Oregon math, reading achievement among the nation’s worst, new scores show

Published 8:33 am Wednesday, January 29, 2025

Students walk through a hallway at Sisters Elementary in Sisters in this file photo.

In the latest confirmation that extended pandemic-era school closures took a huge toll on a generation of young Oregonians, new federal test results show the state’s middle and elementary students still lag far behind in reading and math.

Pre-pandemic, Oregon students regularly bested those in other states or at least ranked near national averages on the National Assessment of Education Progress, the only standardized achievement test given to a representative sample of students in all states.

Post-pandemic data, including the 2024 scores released late Tuesday, tells a very different story.

Oregon fourth graders who were tested in early 2024 ranked second worst in the country in math and tied with 10 other states for third worst in reading. Eighth graders tested in the same time period, who are now halfway through their first year in high school, performed far below the national average in math but close to the middle of the pack in reading.

After COVID shuttered schools nationwide in March 2020, Oregon’s mostly remained closed until spring 2021, longer than almost anywhere else in the country. The Oregon fourth graders who took the federal reading and math tests last year had the end of their kindergarten year clipped off, then spent most of first grade learning online, with sparse hours of virtual instruction.

But students have been back to in-person learning since fall 2021. And Oregon’s 197 school districts shared more than a billion dollars in federal pandemic aid to help their students readjust emotionally and recover academically.

That money is now gone, however, and the state’s children haven’t caught up. Struggling fourth grade readers were further behind in 2024 than previous fourth graders, now in seventh grade, were in 2022, the federal tests found.

Those tests, dubbed “the Nation’s Report Card” because they allow state-by-state comparisons over time in a way that other testing data does not, offer a window into classrooms but not a complete picture of student learning. National educational experts said Tuesday they hope the results can highlight successes that can be replicated elsewhere and spotlight areas where more focus is needed.

The results show that Oregon’s current fifth graders posted bottom-of-the-barrel math scores that were measurably worse than those in 45 other states, better only than New Mexico’s and statistically unchanged from the last time their age group was tested, in spring of 2022.

Even more worrisome: A full third of Oregon’s then-fourth graders who took the federal test scored “below basic” on the math section, meaning that they could not complete foundational tasks like identifying whole numbers on a number line or locate the lines of symmetry in shapes like triangles and rhombuses. Nationwide, a quarter of students scored “below basic.”

Reading test results were even more alarming for the fourth graders.

Forty-eight percent scored “below basic” in reading, meaning that they could not yet determine the sequence of events described in a passage, nor could they fully determine the meaning of a familiar word using context clues.

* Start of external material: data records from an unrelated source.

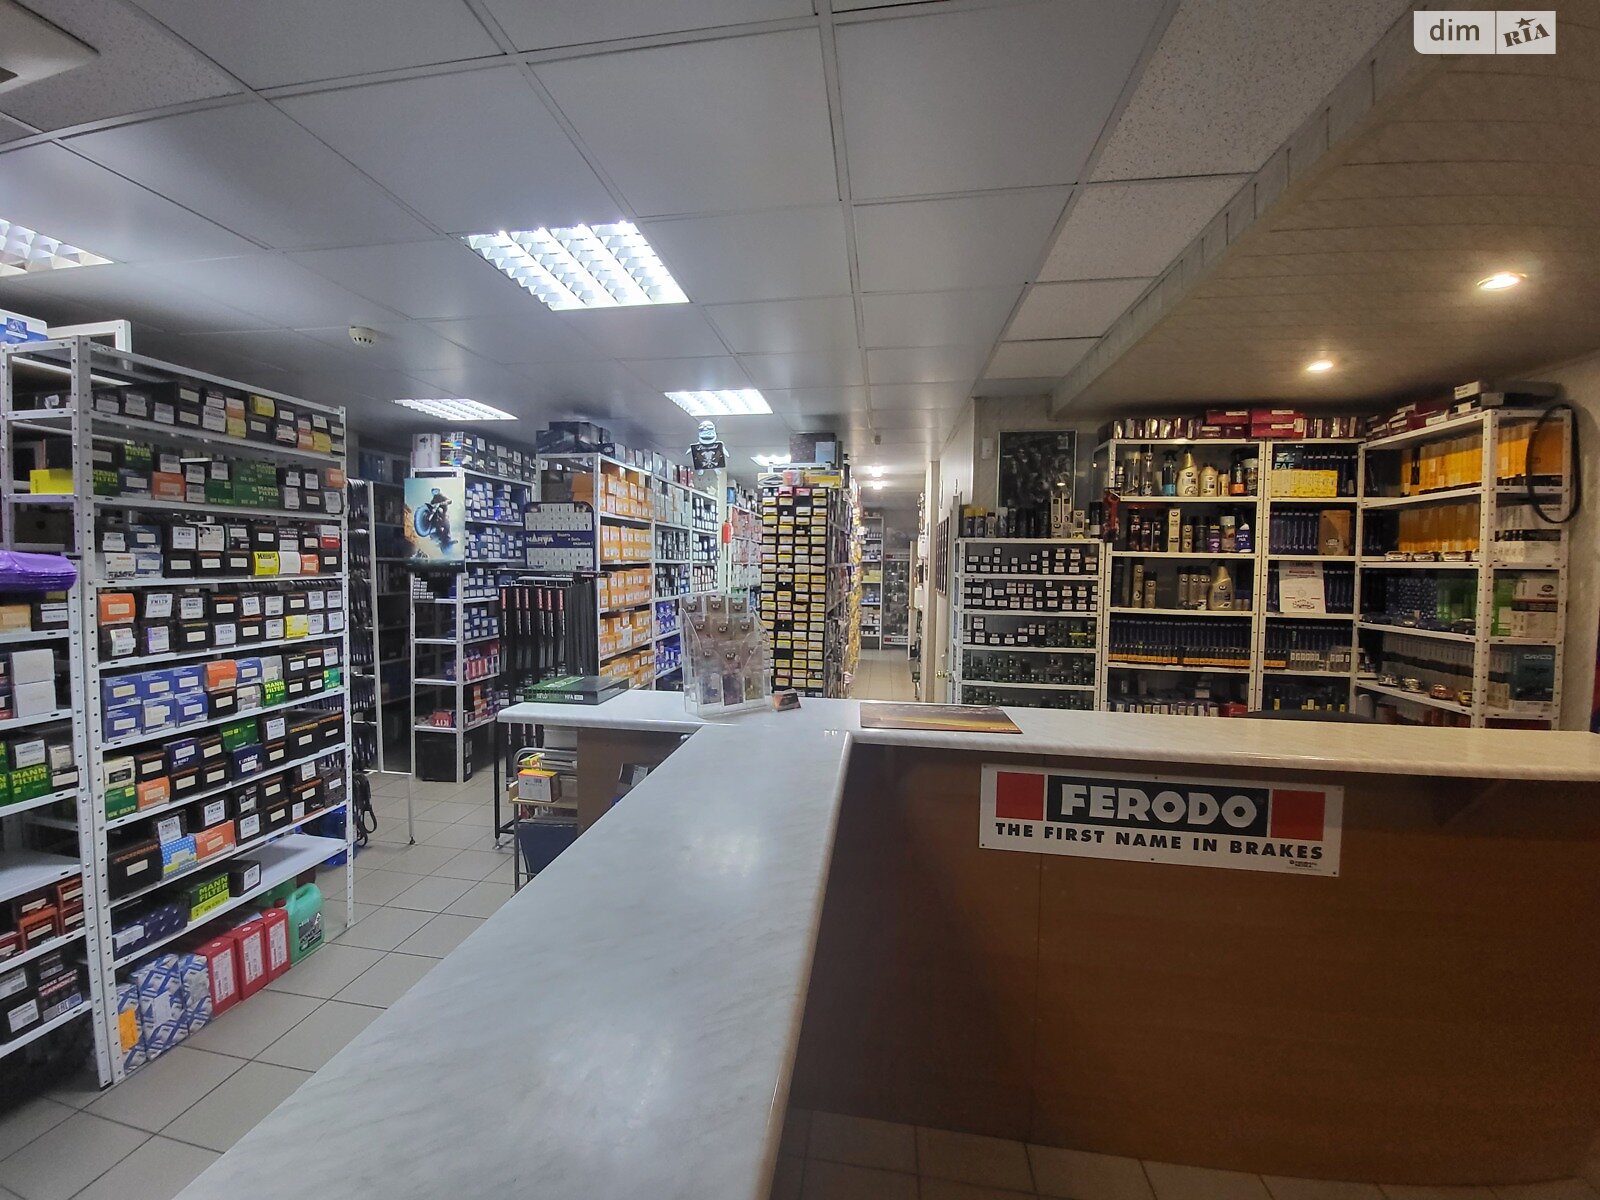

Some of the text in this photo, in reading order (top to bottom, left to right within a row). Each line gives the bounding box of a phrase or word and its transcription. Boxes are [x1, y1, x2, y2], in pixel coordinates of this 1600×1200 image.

[526, 533, 554, 546] NARVA
[265, 685, 285, 694] FILTER
[12, 766, 47, 780] MANN
[12, 773, 48, 787] FILTER
[1061, 783, 1257, 828] FERODO
[995, 822, 1323, 859] THE FIRST NAME IN BRAKES
[199, 875, 228, 896] MANN
[199, 882, 228, 902] FILTER

The national average was 41%.

The fourth grade reading scores were below those in 38 other states, similar to those in 11 others and better only than New Mexico and Alaska. Their average scores were below where they were in 2022.

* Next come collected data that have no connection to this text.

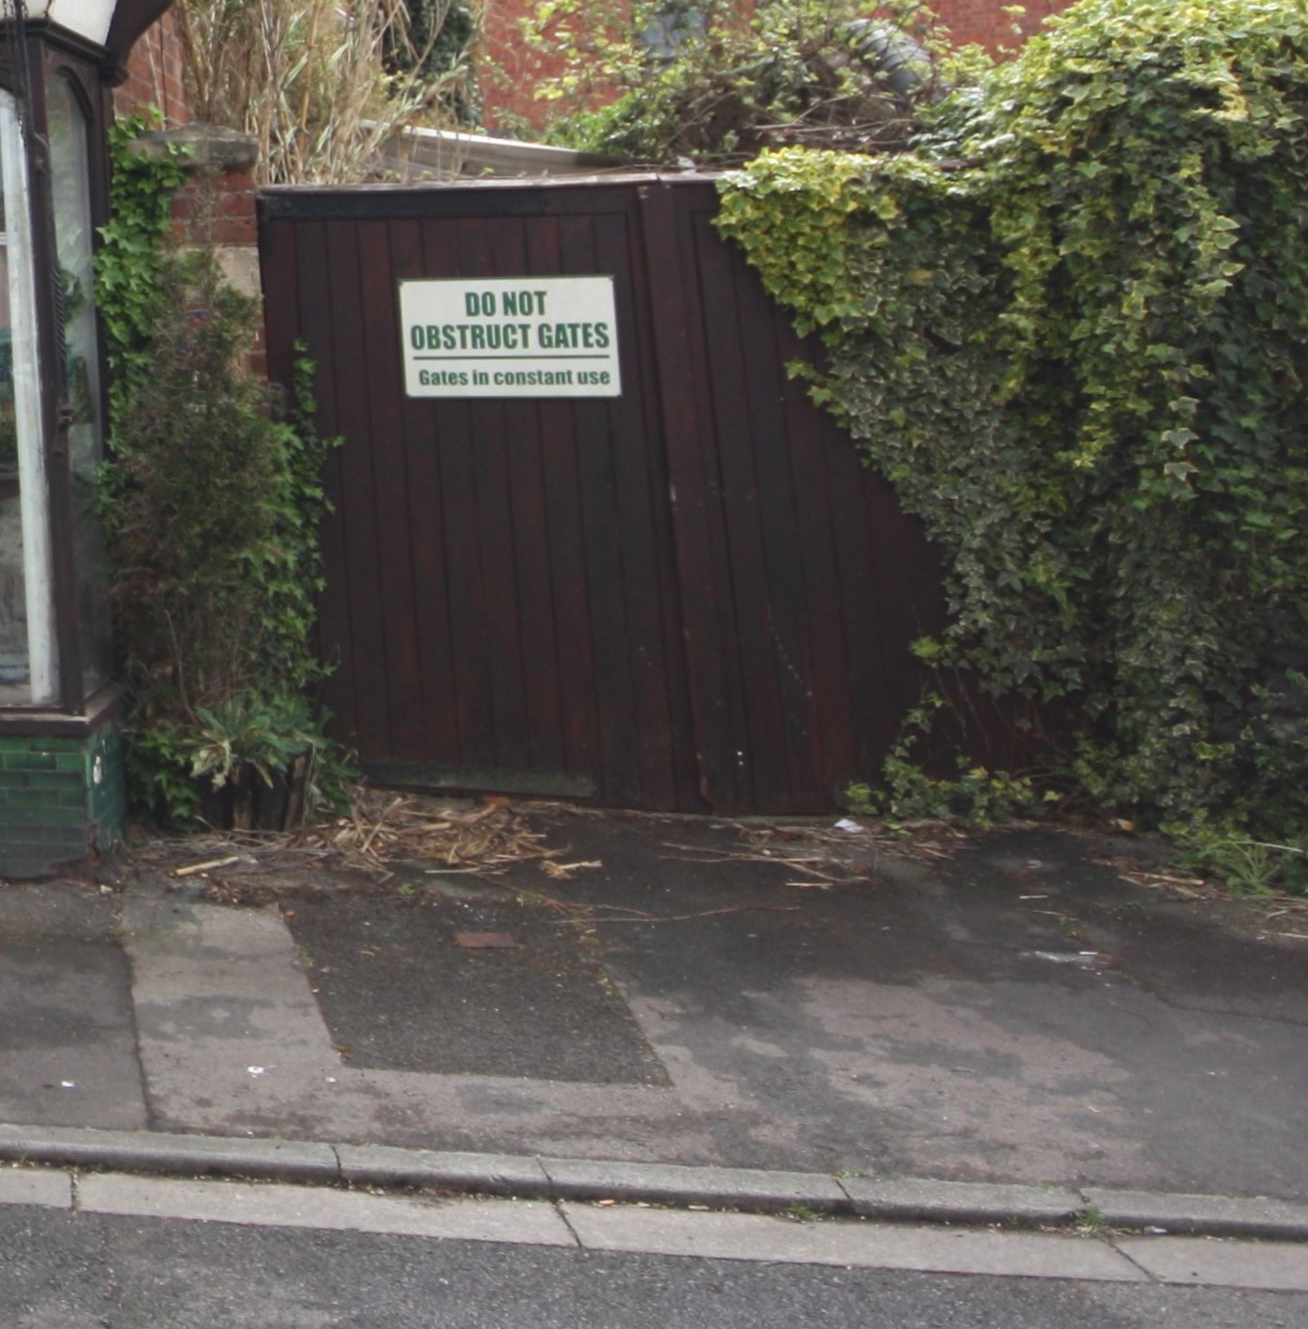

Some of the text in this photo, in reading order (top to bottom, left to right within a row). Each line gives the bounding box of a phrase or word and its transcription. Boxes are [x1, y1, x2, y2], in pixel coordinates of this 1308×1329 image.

[465, 291, 547, 317] DO NOT
[410, 322, 610, 350] OBSTRUCT GATES
[419, 369, 610, 386] Gates in constant use
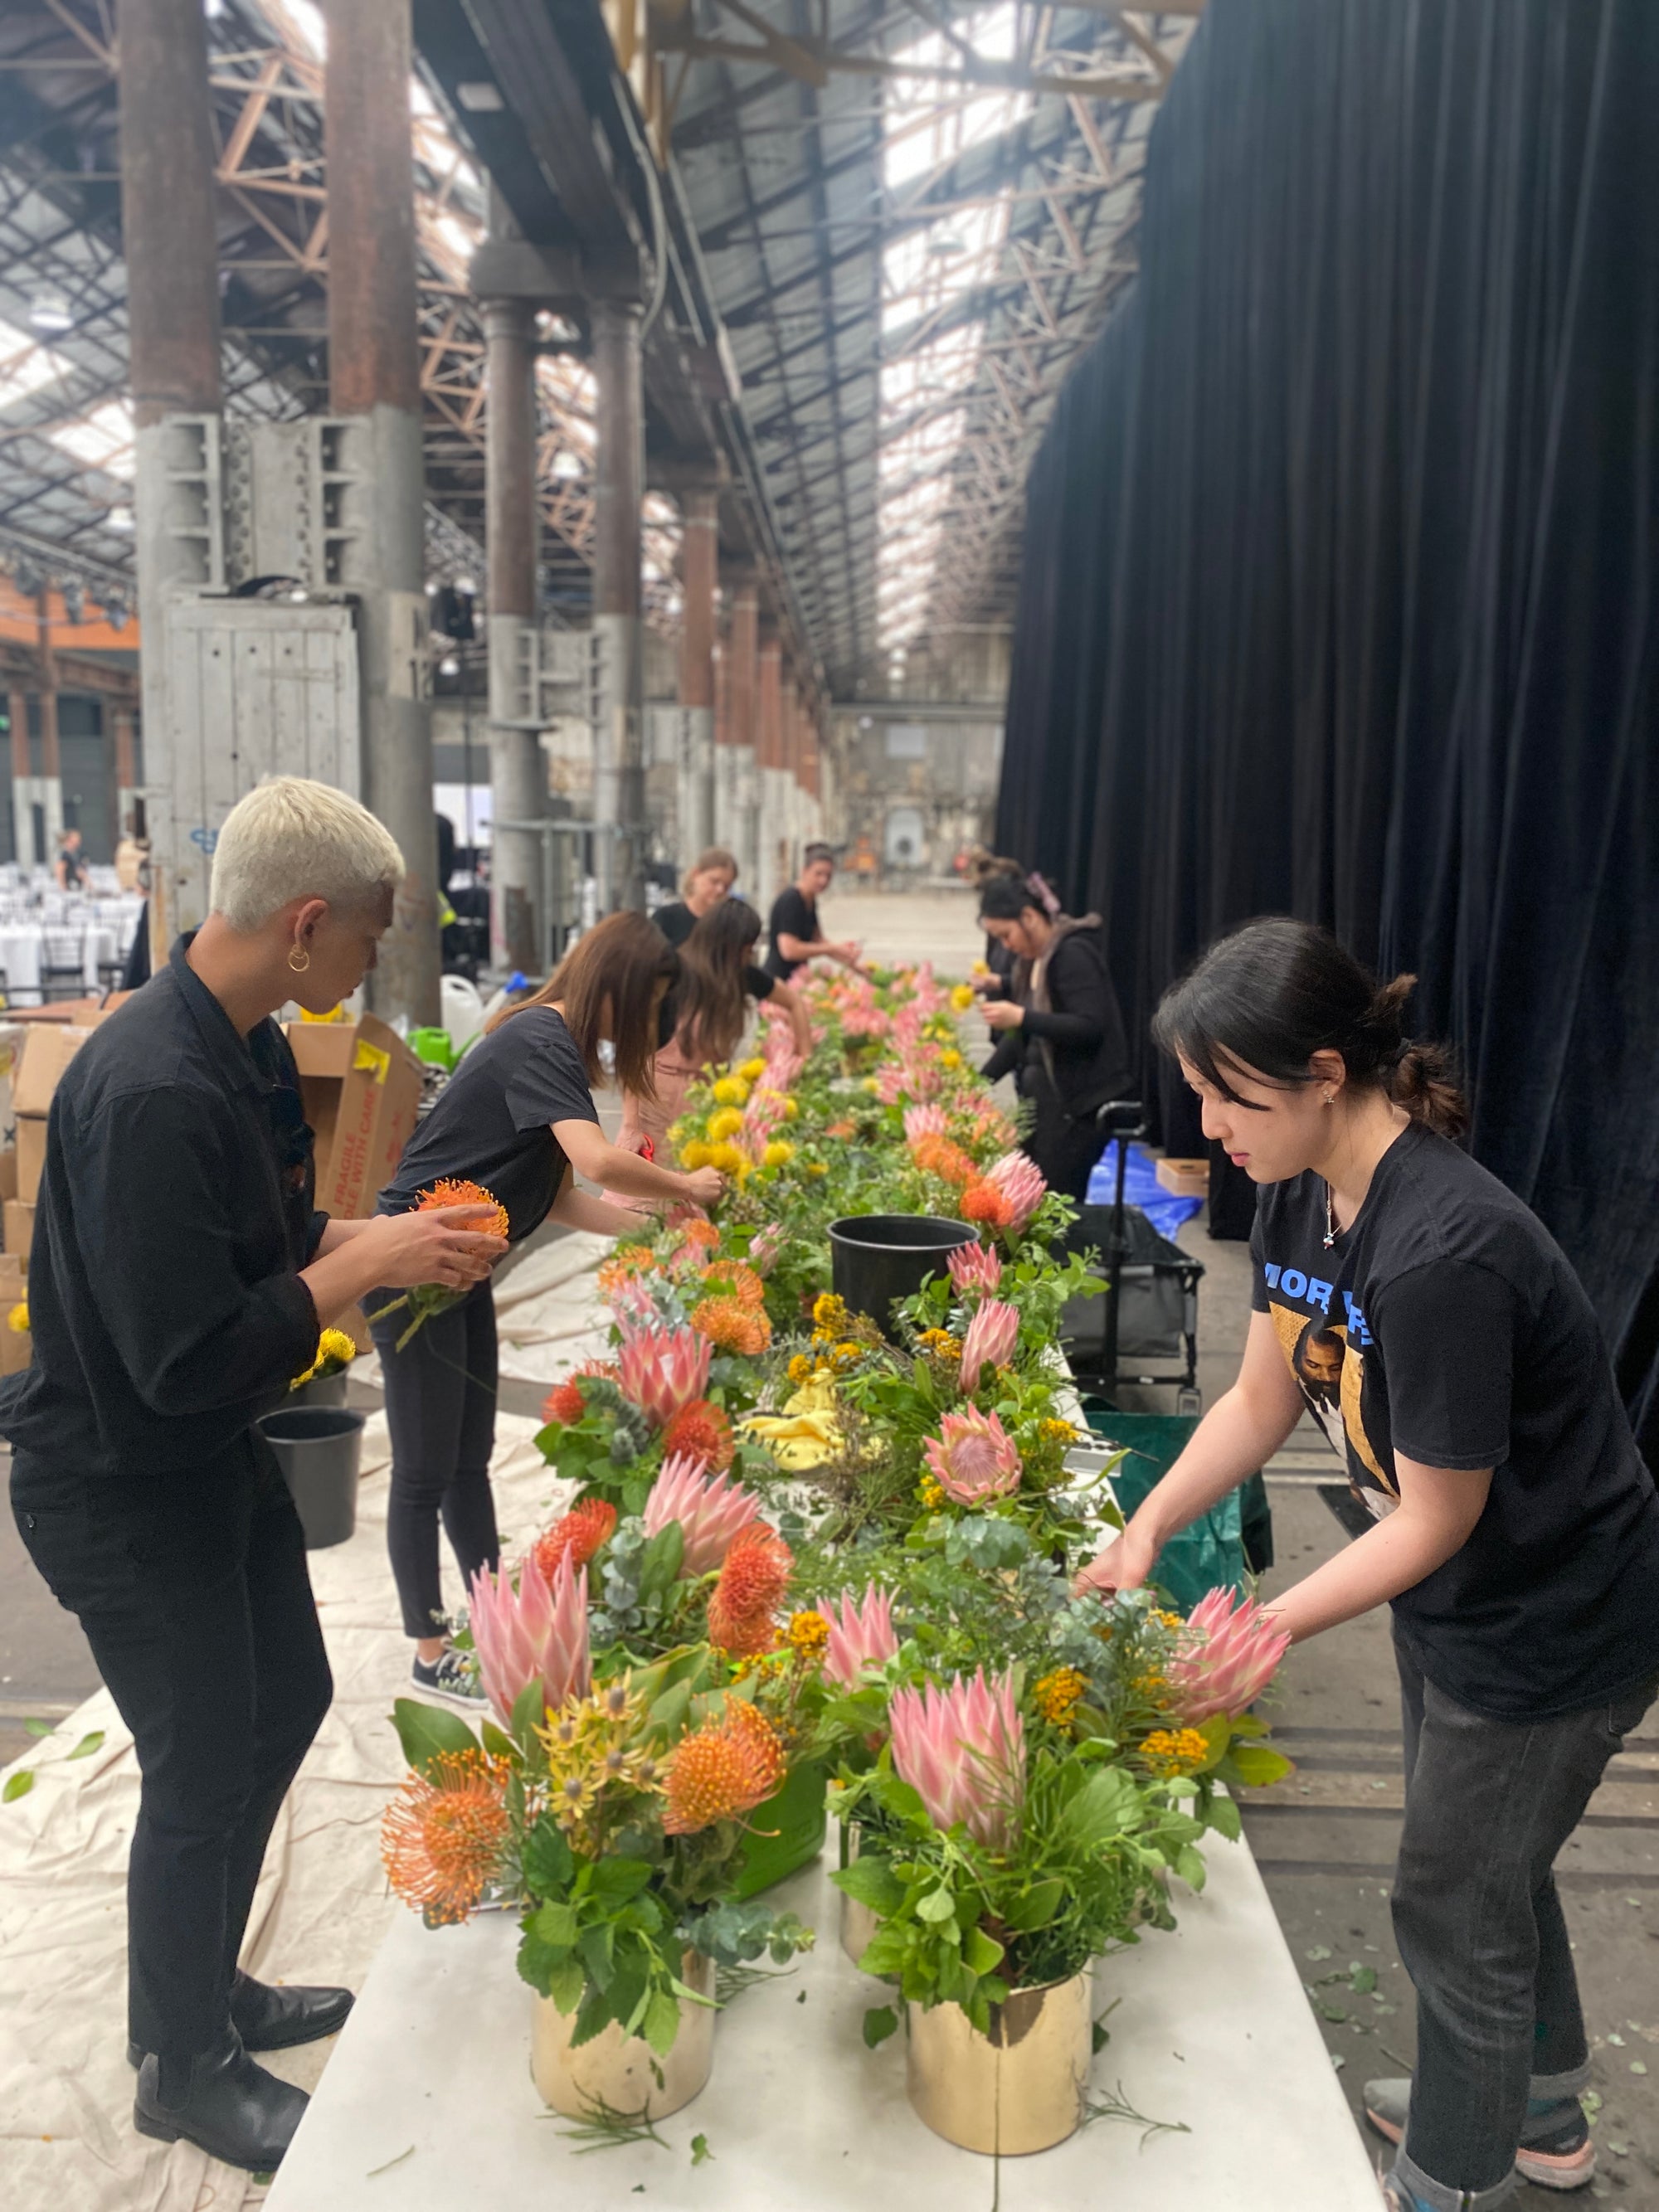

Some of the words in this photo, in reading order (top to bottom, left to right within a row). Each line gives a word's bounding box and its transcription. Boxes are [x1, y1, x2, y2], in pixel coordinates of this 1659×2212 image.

[333, 1132, 355, 1206] FRAGILE
[351, 1137, 367, 1184] WITH
[359, 1088, 375, 1135] CARE

In a call with reporters on Tuesday, Peggy Carr, commissioner of the National Center for Education Statistics, made it clear that Oregon was not alone. What recovery is evident is being driven by higher-performing students, she said, even as huge swaths of their classmates seem stuck, despite a nationwide push to expand small group tutoring and revamp the way younger students are taught to read.

“The Nation’s Report Card is out and the news is not good,” Carr said. “Lower performing students are struggling, especially in reading. In eighth grade math, the gap (between the highest and the lowest performing students) is the widest it has ever been.”

Progress is not impossible, Carr said. Some urban school districts, including Atlanta, bucked the trends. And in Louisiana, fourth grade students across all proficiency levels posted better results than before the pandemic; the same is true in Alabama in math.

Oregon’s eighth grade trend lines in reading were also worrisome. Some 45% of the state’s test-takers scored below “basic,”compared to 41% nationwide. That means that they struggled with basic literary skills, like identifying the main idea or character traits from an excerpt. Twenty-five years ago, 30% of the state’s eighth graders tested at below basic levels on the federal tests.

Only New Mexico, Alabama, West Virginia and Delaware posted eighth grade reading scores significantly below Oregon’s.

Across both grade levels, one of the broadest predictors of how an Oregon student might score is their family income level, regardless of their demographic background. Students from low-income families had average scores between 25 and 31 points lower than students whose families were deemed financially stable. Thirty points represents roughly the difference between scoring “below basic” and “basic” or scoring “basic” versus “proficient” for one’s grade level.

The federal tests do not show results for Black and Indigenous students in Oregon, because too few of them are tested for conclusions to be statistically accurate. But Hispanic students across the two grade levels scored between 21 and 31 points lower than their white counterparts.

Charlene Williams, Oregon’s state schools chief, acknowledged the disappointing results Tuesday and said the state will try to address the disparities by “doubling down on efforts that we know from research help move the needle.” She cited spending on programs designed to keep ninth graders on track for graduation, summer school and curriculum updates as examples.